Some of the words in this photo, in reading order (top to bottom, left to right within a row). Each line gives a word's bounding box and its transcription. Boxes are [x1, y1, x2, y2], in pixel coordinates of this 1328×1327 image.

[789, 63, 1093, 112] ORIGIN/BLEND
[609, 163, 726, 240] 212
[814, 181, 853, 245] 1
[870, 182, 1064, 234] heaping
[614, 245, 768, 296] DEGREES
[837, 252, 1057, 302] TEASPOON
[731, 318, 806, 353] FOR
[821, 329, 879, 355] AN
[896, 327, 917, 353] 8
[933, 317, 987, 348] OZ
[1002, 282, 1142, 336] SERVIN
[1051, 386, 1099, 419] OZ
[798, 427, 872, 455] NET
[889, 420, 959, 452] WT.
_ _ _
Line by line, transcribe the material above exactly.

# Response to the exercise
Some of the words in this photo, in reading order (top to bottom, left to right within a row). Each line gives a word's bounding box and its transcription. Boxes are [x1, y1, x2, y2], in pixel coordinates of this 1328×1327 image.

[789, 63, 1093, 112] ORIGIN/BLEND
[609, 163, 726, 240] 212
[814, 181, 853, 245] 1
[870, 182, 1064, 234] heaping
[614, 245, 768, 296] DEGREES
[837, 252, 1057, 302] TEASPOON
[731, 318, 806, 353] FOR
[821, 329, 879, 355] AN
[896, 327, 917, 353] 8
[933, 317, 987, 348] OZ
[1002, 282, 1142, 336] SERVIN
[1051, 386, 1099, 419] OZ
[798, 427, 872, 455] NET
[889, 420, 959, 452] WT.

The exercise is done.